We agree that there is a more straightforward solution consisting of getting rid of the jars and exploding them into directories.

I would still like to people to try and poke holes in this idea... I personally don't see why it would not work better, but others might :).

Also, this solution would definitely be more involved (in terms of how many things need to be changed) than fixes such as this one.

Yes, we need to further validate this idea and check the implications, but it is only the (optional) point 4. of the actions that I suggested and I think that 1. to 3. could be taken regardless of it.

I'm also not convinced that we need parallel classloading capabilities as these are "just" the application classes, and mostly loaded by a single bootstrap thread. Did that change actually manifest in tangible benefits?

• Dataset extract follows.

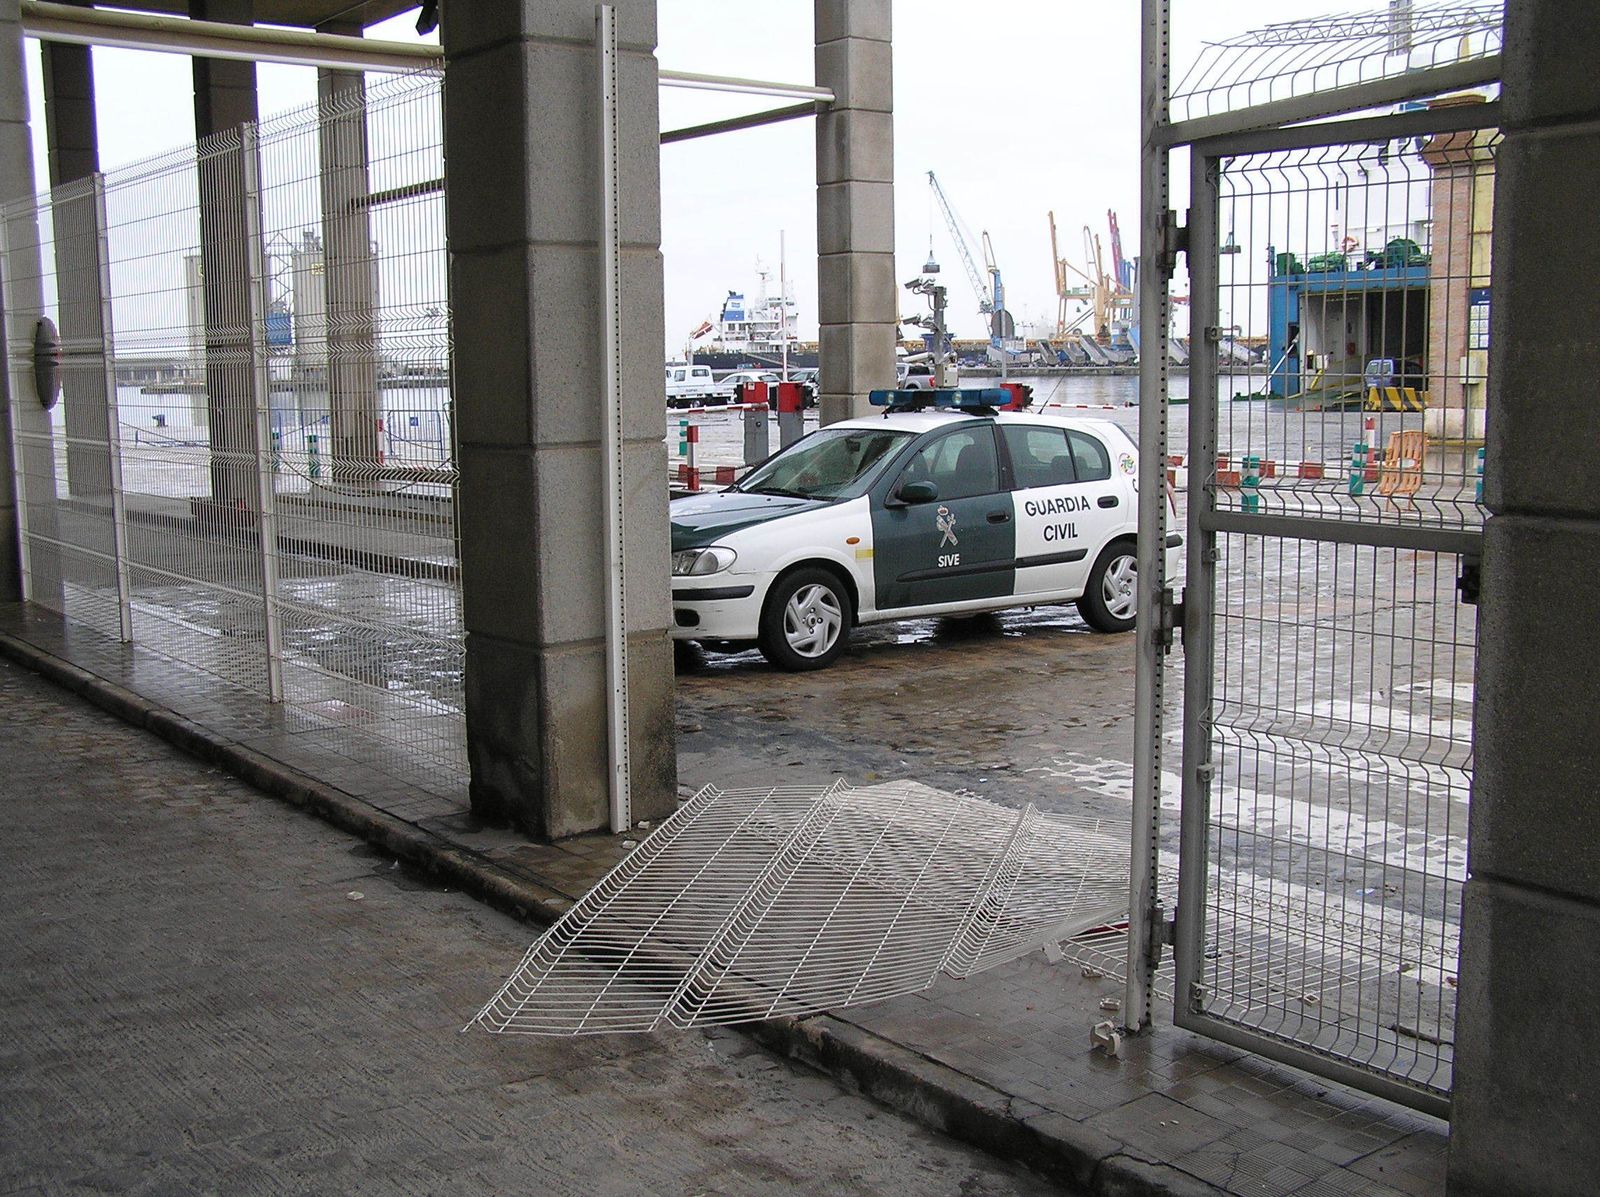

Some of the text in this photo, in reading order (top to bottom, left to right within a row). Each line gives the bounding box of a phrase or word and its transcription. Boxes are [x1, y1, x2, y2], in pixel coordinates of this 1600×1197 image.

[1025, 495, 1091, 517] GUARDIA
[1043, 522, 1078, 542] CIVIL
[937, 553, 960, 568] SIVE

@Sanne In reality this is for sure the main point of this whole discussion. The first thing that we need to address is figuring out if we need a parallel classloader or not. See premise 1. of my former comment, I had a quick chat with @franz1981 this morning about it and he thinks that, regardless the smallrye fix for which the parallel classloader has been introduced, there could be other relevant use cases where it could be necessary or at least a nice to have. Can you please help us to double check this? If @franz1981 is right and since @geoand's suggestion is a more long-term solution, the only alternative would be finalizing my pull request, making it as good as possible, and merging it.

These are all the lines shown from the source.